The Deposit Agreements, the Indentures, the Warrant Agreements, the Purchase Contract Agreements and the Unit Agreements are hereinafter referred to collectively as the “Securities Agreements.”
We have examined: (i) the Registration Statement, (ii) the form of the Base Indenture to be entered into by the Company, any other Guarantor to be named therein and the Trustee and (iii) the form of the Base Indenture to be entered into by the applicable Subsidiary Entity, the Company, any other Guarantor to be named therein and the Trustee, each of which have been filed with the Commission as an exhibit to the Registration Statement.
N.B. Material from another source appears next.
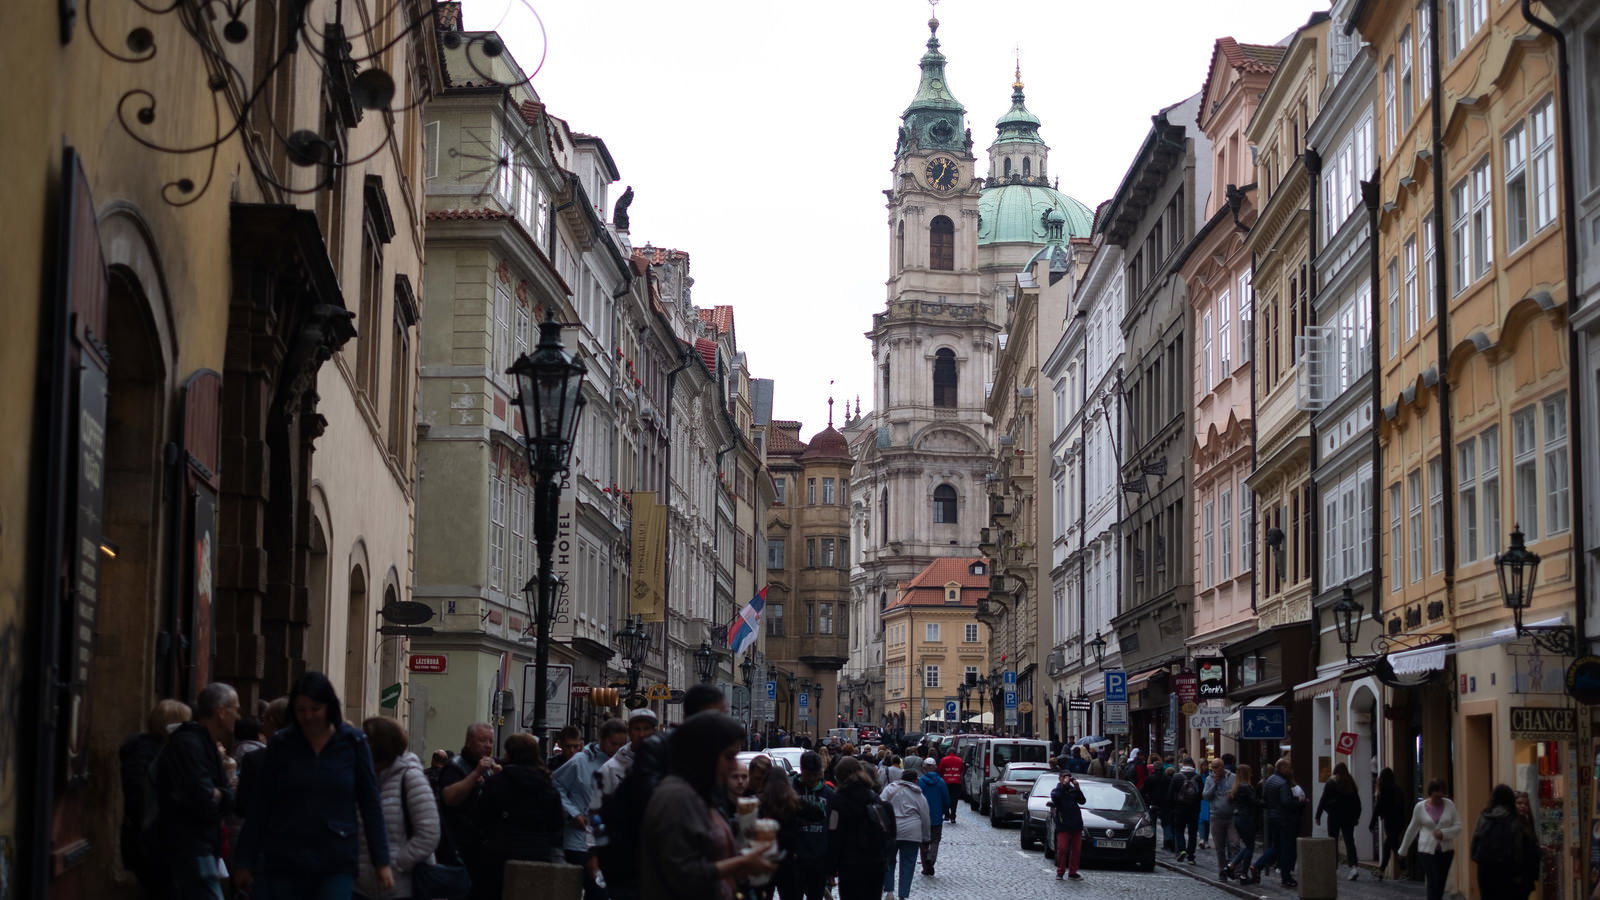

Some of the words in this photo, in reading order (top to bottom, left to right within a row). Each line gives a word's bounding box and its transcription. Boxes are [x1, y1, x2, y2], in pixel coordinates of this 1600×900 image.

[558, 513, 570, 564] HOTEL
[558, 571, 570, 624] DESIGN
[1511, 708, 1574, 731] CHANGE
In addition, we have examined, and have relied as to matters of fact upon, the originals, or duplicates or certified or conformed copies, of such records, agreements, documents and other instruments and such certificates or comparable documents of public officials and of officers and representatives of the Company and the Subsidiary Entities and have made such other investigations as we have deemed relevant and necessary in connection with the opinions hereinafter set forth.
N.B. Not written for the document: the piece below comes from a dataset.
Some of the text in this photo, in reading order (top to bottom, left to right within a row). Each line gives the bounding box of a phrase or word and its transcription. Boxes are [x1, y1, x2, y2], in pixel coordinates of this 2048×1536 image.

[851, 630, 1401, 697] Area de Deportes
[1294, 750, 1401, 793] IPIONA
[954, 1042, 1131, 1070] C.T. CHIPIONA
In rendering the opinions set forth below, we have assumed the genuineness of all signatures, the legal capacity of natural persons, the authenticity of all documents submitted to us as originals, the conformity to original documents of all documents submitted to us as duplicates or certified or conformed copies, and the authenticity of the originals of such latter documents. We also have assumed that, at the time of execution, authentication, issuance and delivery of any of the Securities, the applicable Securities Agreement will be the valid and legally binding obligation of each party thereto other than the Company and any Subsidiary Entity. We also have assumed that, with respect to the issuance of any shares of Common Stock or Preferred Stock, the amount of valid consideration paid in respect of such shares will equal or exceed the par value of such shares.
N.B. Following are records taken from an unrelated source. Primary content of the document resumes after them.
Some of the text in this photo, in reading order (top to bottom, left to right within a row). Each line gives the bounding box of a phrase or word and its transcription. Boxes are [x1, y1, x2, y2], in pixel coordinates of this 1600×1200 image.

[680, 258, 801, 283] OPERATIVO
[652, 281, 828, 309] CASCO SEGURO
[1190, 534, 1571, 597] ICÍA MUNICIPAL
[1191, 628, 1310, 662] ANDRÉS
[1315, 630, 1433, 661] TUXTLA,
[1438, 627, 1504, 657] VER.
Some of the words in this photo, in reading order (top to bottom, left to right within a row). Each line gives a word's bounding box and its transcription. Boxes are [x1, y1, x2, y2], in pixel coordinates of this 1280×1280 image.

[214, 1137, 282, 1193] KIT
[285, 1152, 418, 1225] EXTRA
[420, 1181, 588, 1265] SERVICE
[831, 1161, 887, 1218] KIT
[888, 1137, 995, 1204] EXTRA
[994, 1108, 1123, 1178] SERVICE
In rendering the opinions set forth below, we have assumed further that, at the time of execution, authentication, issuance and delivery, as applicable, of each of the applicable Securities Agreements and Securities, (1) the Company and each Subsidiary Entity will be validly existing and in good standing under the law of the jurisdiction in which it is organized and such Securities Agreement will have been duly authorized, executed and delivered by the Company and each Subsidiary Entity in accordance with its organizational documents and the law of the jurisdiction in which it is organized, (2) the execution, delivery, issuance and performance, as applicable, by the Company and each Subsidiary Entity of such Securities Agreement and such Securities will not constitute a breach or violation of its organizational documents or violate the law of the jurisdiction in which it is organized or any other jurisdiction (except that no such assumption is made with respect to the law of the State of New York, the Delaware General Corporation Law, the Delaware Limited Liability Company Act and the Delaware Revised Uniform Limited Partnership Act, assuming there shall not have been any change in such laws affecting the validity or enforceability of such Securities Agreement and such Securities) and (3) the execution, delivery, issuance and performance, as applicable, by the Company and each Subsidiary Entity of such Securities Agreement and such Securities (a) will not constitute a breach or default under any agreement or instrument which is binding upon the Company or any such Subsidiary Entity and (b) will comply with all applicable regulatory requirements.
Based upon the foregoing, and subject to the qualifications, assumptions and limitations stated herein, we are of the opinion that:
1. With respect to the Common Stock, assuming the taking of all necessary corporate action to authorize and approve the issuance of the Common Stock and the terms of the offering thereof so as not to violate any applicable law or agreement or instrument then binding on the Company and (b) due issuance and delivery of the Common Stock, upon payment therefor in accordance with the applicable definitive underwriting, purchase or similar agreement approved by the board of directors or a duly authorized committee thereof (each, the “Board of Directors”) of the Company and otherwise in accordance with the provisions of such agreement, the Certificate of Incorporation of the Company (the “Certificate of Incorporation”) and the Bylaws of the Company (the “Bylaws”), the Common Stock will be validly issued, fully paid and nonassessable.